Ideally those that oppose Ethiopian civic-nationalism can also form a front and a clear contest can emerge where opposed ideologies, national sentiments and programmes can oppose each other by creating the principle of competition with consultation and the vice versa, provided there is a prior agreement on a workable and tolerable level playing field for the play out of the parties forming a front around civic nationalism and those opposing it with vernacular-ethnic nationalism.
That is the only possible concession to ethnic nationalism that can be tolerated, that is to say, provided there is a democratic and clear playing field, a contestation involving the struggles that are freely conducted for the votes, voices and choices of the people can be mounted. There is no doubt civic-nationalism and African nationalism will win over ethnic-vernacular nationalism in Ethiopia as a springboard to re-energise African nationalism.
The national politics must gravitate towards these two broad positions: those who uphold Ethiopia’s civic-nationalism versus those who uphold the country’s vernacular-ethnic nationalism. A clear democratic space must be created where those who win can govern so that the problem of transition from tyranny to democratic governance that has been so elusive for Ethiopia can be achieved without continuing further the suffering and enormous sacrifice incurred over centuries.
The millennium plus one should be a time to realise the richness of Ethiopia’s history as the cradle of African nationalism.
Those who reject this history must be resisted. The majority that stand for Ethiopia’s civic nationalism must not be indifferent. All must work over time to gain time to establish Ethiopia as part of the story of the recovery of African identity and dignity.
The political subversion of dividing Ethiopia has been one of the ugly legacies of Italian fascist aggression against Ethiopia. The struggle to compensate Ethiopia is a struggle to understand and expunge this cancer from Ethiopian political life. The demand must continue.
As those who stand for Ethiopia’s historic unity with diversity are the majority, there is an urgent need for all those engaged in civic-nationalism to form a united front and confront those who dabble in vernacular- and ethnic-nationalism to prevent and subvert Ethiopia’s history as the critical resource for Africa’s national identity, as already has been amply recognised.

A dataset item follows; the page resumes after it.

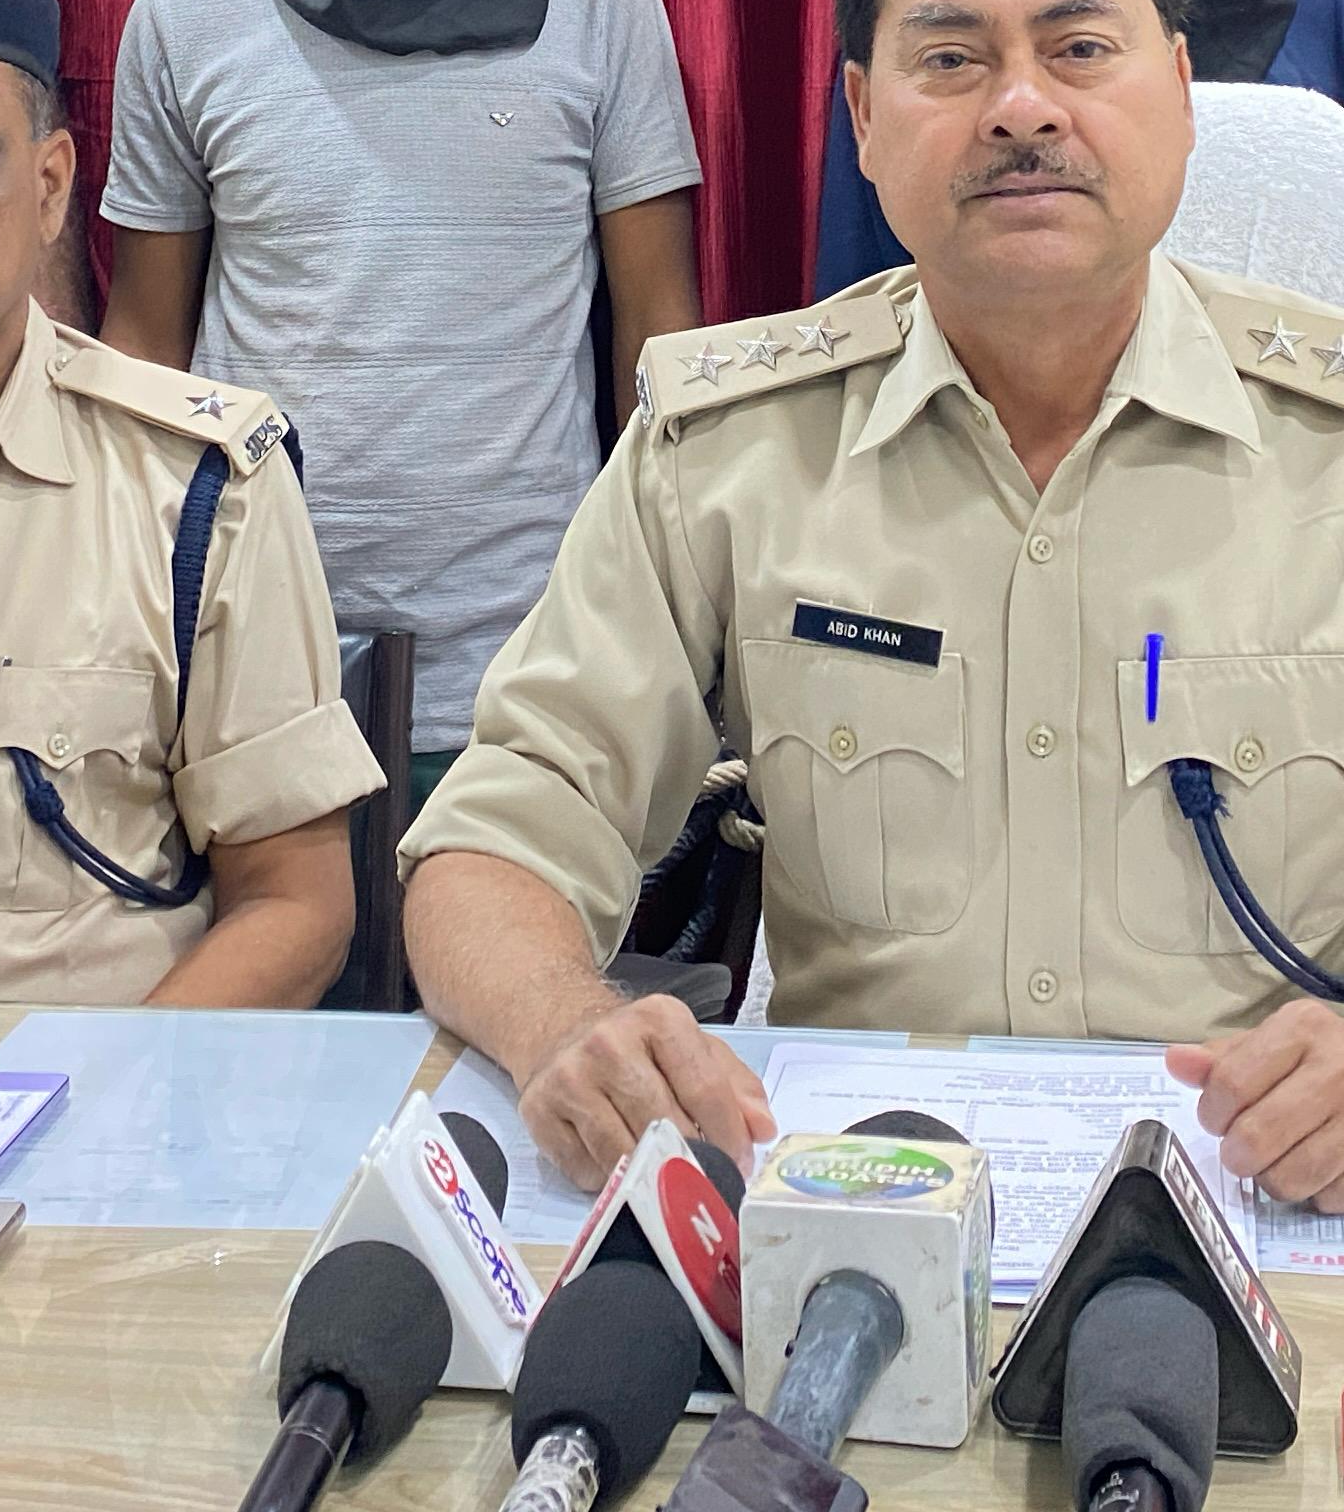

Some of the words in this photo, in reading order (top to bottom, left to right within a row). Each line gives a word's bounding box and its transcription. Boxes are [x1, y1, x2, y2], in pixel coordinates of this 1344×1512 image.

[826, 620, 858, 639] ABID
[863, 627, 903, 647] KHAN
[1169, 1152, 1248, 1293] NEWS

If, as in South Africa after the crime of apartheid fascism, there can emerge a unitary state with civic-nationalism, there is no reason why Ethiopia cannot try to form a unitary state on the debris of ethnic-federalism, provided there is the political will, the determination, the imagination and the historic sense and civilisation to attain this ideal. Let Ethiopia upgrade into civic-nationalism and patriotism and not degrade into vernacular-nationalism. Let Ethiopia form a unitary state on the basis of civic nationalism. Only when it attains its various components’ historic unity on a civic- national basis or foundation can Ethiopia recover to re-energise and sustain by stimulating African national dignity ever more and more.

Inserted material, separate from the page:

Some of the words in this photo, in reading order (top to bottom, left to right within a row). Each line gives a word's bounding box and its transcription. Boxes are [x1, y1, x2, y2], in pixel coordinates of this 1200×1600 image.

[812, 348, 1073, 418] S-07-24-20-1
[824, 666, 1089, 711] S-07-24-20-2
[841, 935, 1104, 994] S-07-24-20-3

Let us make a millennium plus one resolution to convert the struggle by any means necessary since the European Scramble for Africa (or even earlier starting in the 15th century if necessary), to finding solutions by any means necessary from today to sustain the long-term future of Ethiopia as a united people, nation and country! Let us all resolve Ethiopia must live on as a cradle of African nationalism that it is as is inscribed in history!
(1) Richard Pankhurst, e-Mail communication, 9 September 2008.
(2) Quoted in John. H. Brown, Public Diplomacy Press Review, USC Centre for Public Diplomacy, 22 May 2004.
(3) Nelson Mandela, Long Walk to Freedom, p.402.
* Mammo Muchie is the chairperson of the Network of Ethiopian Scholars (NES) and a professor at Aalborg University.